Relaxation of the Voltage Sensing Modules of Excitation-Contraction (EC) Coupling in Mammalian Skeletal Muscle

Voltage-sensing modules (VSMs) of similar molecular structure underlie voltage-sensitivity in ion channels, the voltage-sensor of EC coupling (the DHPR), and voltage-sensitive phosphatases (VSPs). Upon sustained depolarization (or “antipolarization” of VSPs) all VSMs enter a functionally disabled inactivated or relaxed state. This is accompanied in every case by a change in voltage dependence of the sensor charge movement, including a large negative shift of its central voltage VT. In frog muscle, voltage-driven transitions of the EC coupling VSM elicit charge movements that result in two charge distributions with different VT: Q1 in the normally polarized fiber; Q2 when the membrane is held depolarized. Here we show in mammalian muscle —single fibers of mouse FDB— a similar interconversion of voltage-sensor charge. In 2 mouse strains VT at rest was ∼-20 mV, but shifted to ∼-80 mV upon sustained depolarization. The change was a conversion between two distributions (Q1 and Q2) with distinct but fixed VT‘s.
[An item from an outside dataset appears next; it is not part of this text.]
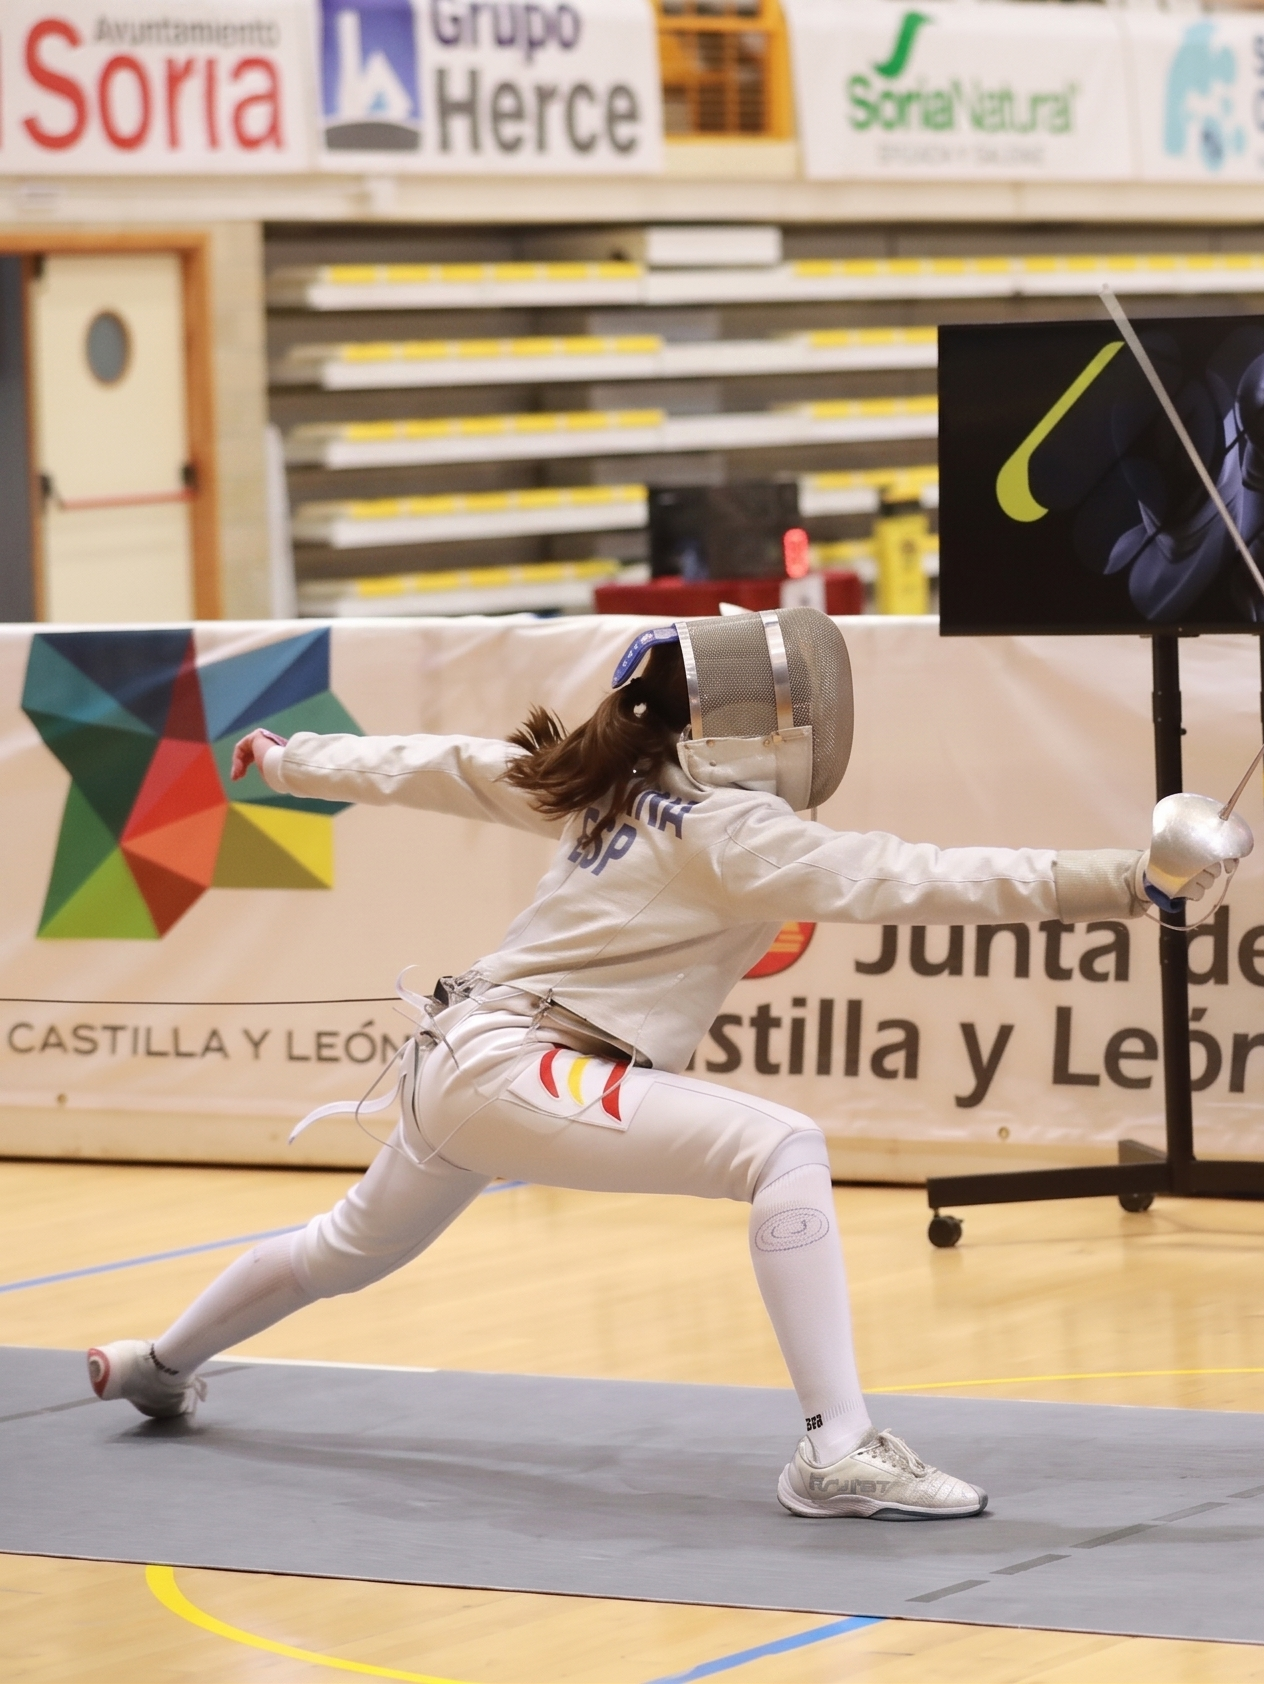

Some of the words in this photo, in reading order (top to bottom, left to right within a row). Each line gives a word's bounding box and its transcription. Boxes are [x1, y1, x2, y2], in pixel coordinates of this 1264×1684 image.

The observations require a minimum model with 4 states: C (cis), T (trans), CR (cis relaxed), TR (trans relaxed). The transitions C->T and CR->TR are fast and mobilize respectively Q1 and Q2. C->T opens the RyR, but CR->TR does not. The transitions to and from relaxed states are slow and voltage-independent. Low extracellular [Ca2+] promoted the C->CR and T->TR transitions, while high [Ca2+] opposed it. Observations of similar antagonism between inactivation of Ca2+ and K+ channels and the pore occupancy by ions led to the notion that inactivation involves pore collapse. DHPR pore opening, however, is not required for proper operation of the EC coupling VSM. The effects of extracellular Ca2+ on voltage-dependent inactivation must be reinterpreted in view of these findings. (Support: ANII, CSIC and NIGMS).